李豐臺見到張清川已是筑基五重,也是暗暗詫異,上次見張清川,還是他舉行祭天大典時。
其三個余月不見,便連續突破三重小境界,這幾乎是一月一個跨越,若是在天心仙界還好說,張清川這可是在荒砂界這等微塵世界之中。
其靈氣濃度遠不如天心仙界,張清川竟能修煉如此之快,聯想到其屬地的飛速進步,李豐臺是十分驚異的。
不過他更關注的是洛水柔的情況,這可是他的得意弟子,其申請提前出仕,等半年后,便會根據其屬地的發展情況給予對應評分。
洛水柔如此做,對她的仕途還是有極大風險的,若未發展好屬地,給了個較低評分,想調離荒砂界都有些難。
“水柔的神匠縣底子打的很好,我也會全力支持她,助她在幾個月內成為下等縣。
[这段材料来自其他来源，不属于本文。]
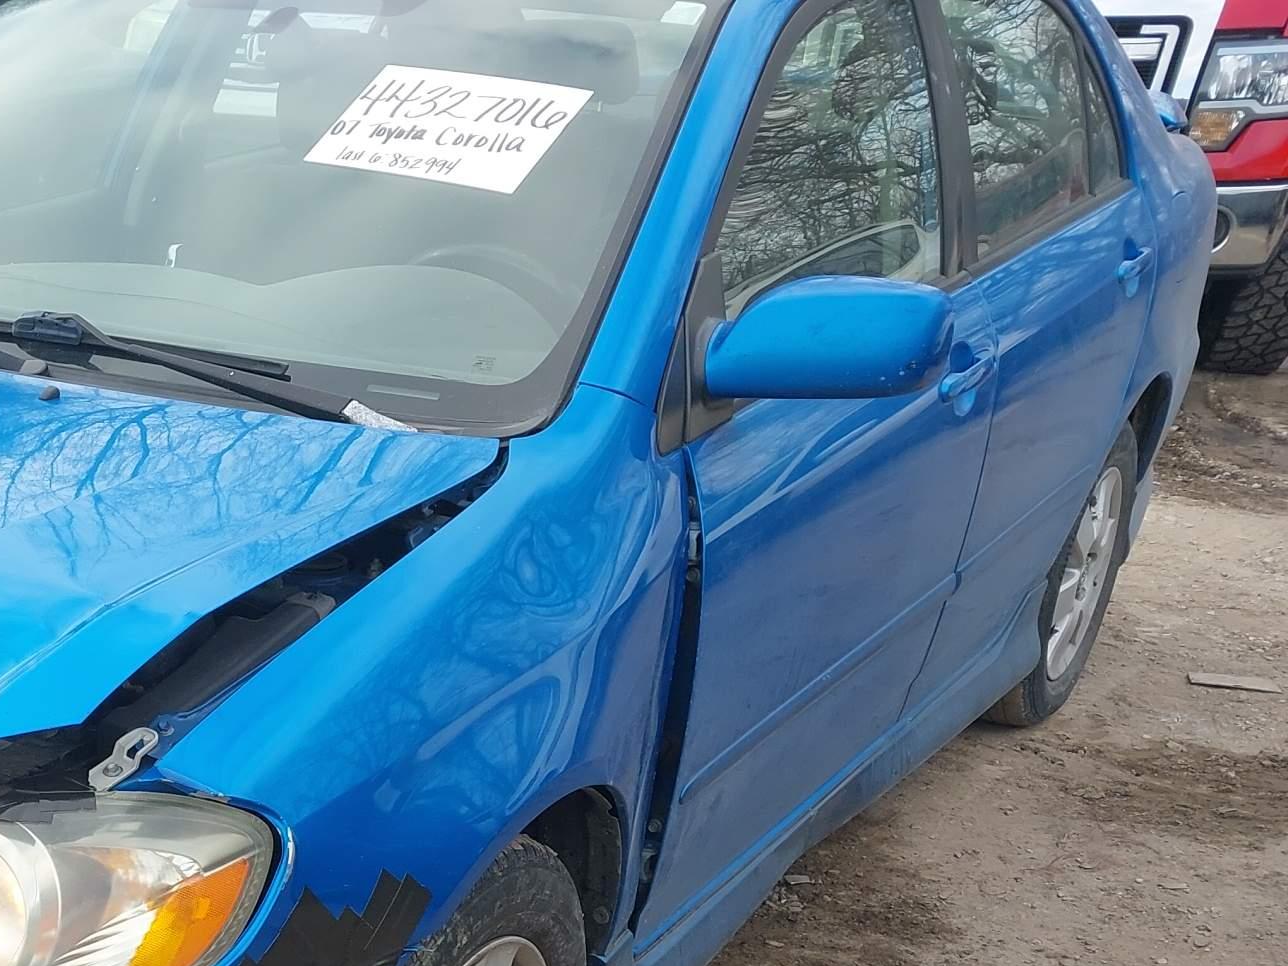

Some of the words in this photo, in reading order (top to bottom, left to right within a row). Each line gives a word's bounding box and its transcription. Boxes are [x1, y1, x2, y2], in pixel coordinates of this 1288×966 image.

”張清川微微一笑,他便介紹了一下神匠縣的情況。
聞言李豐臺微微頷首:“此次水柔提前出仕,便是看準了你,水柔出身名匠洛家,雖不是天官世家,可也有其底蘊。”
“且洛家與多個名匠世家皆有聯姻,像精通符箓的天江郡李家,便是水柔生母所在的家族。”
李豐臺如此一介紹,張清川便知曉了不少內幕,洛水柔能在神匠縣剛籌建時,便帶來那么多工匠,這自是名匠世家的底蘊。
可以說,洛水柔的家世,也不比一些官二代差上多少,張清川此前只是隱約知曉這一點,往后便可與洛水柔有更深入的合作。
“李教習,你放心吧,水柔如今進展順利,半年時間,或許她能得到一座中等縣,到時候她的評分定然極高!”
張清川又與李豐臺一番交流,得知天江道院還有幾位真傳弟子也參與了此次集訓后,張清川便弄來了其名字及屬地所在,準備找機會去與他們聊一聊。
李豐臺便道:“清川,此次乃是大年,本輪天官集訓共有二百八十余名八品天官參與,競爭極其激烈。”
“不過我對你有信心,等三個月后,我定然可收到你的好消息!”
張清川笑道:“李教習,你不是一直教導我們作為天官,應當內斂平和,泰山崩于前面不改色么?”
“怎的此次集訓還未開始,你便如此篤定我能有好成績?”
李豐臺哈哈笑道:“可我也教過你們,做人要低調,做事要高調,其余時候藏拙一點也無妨。”
“但天官集訓既有豐厚獎勵,相關名次還將上呈給紫幽天界的諸位大人,這便是在上界露臉的絕佳機會,日后若有更好的任職機會,便會優先推選集訓排名靠前的天官,我當年參與集訓,便名列第九。”
李豐臺的話,讓張清川十分訝異,未曾想李豐臺當年竟排在第九,這可從未聽他提起過。
能在有諸多官二代及世家子弟競爭的天官集訓中排名前十,這已相當不易,張清川可是知曉,李豐臺的父母也僅是筑基期修士。
李豐臺只是稍微提了一下自己的‘豐功偉績’,便又轉而說道:“這便與諸多修士爭奪機緣一般,該爭的時候便要爭!”
“對于我等天官來說,朝廷的賞識、重視,便是天下最大的機緣……”
張清川點頭應下,李豐臺經驗豐富,這一內容,張清川雖也想得通,可李豐臺苦口婆心的如此說,張清川自是要承情。
說罷這些,李豐臺便笑道:“清川,正好今日上官院長在考教諸位真傳弟子的功課,趁他今日在道院,我帶你去見他一面。”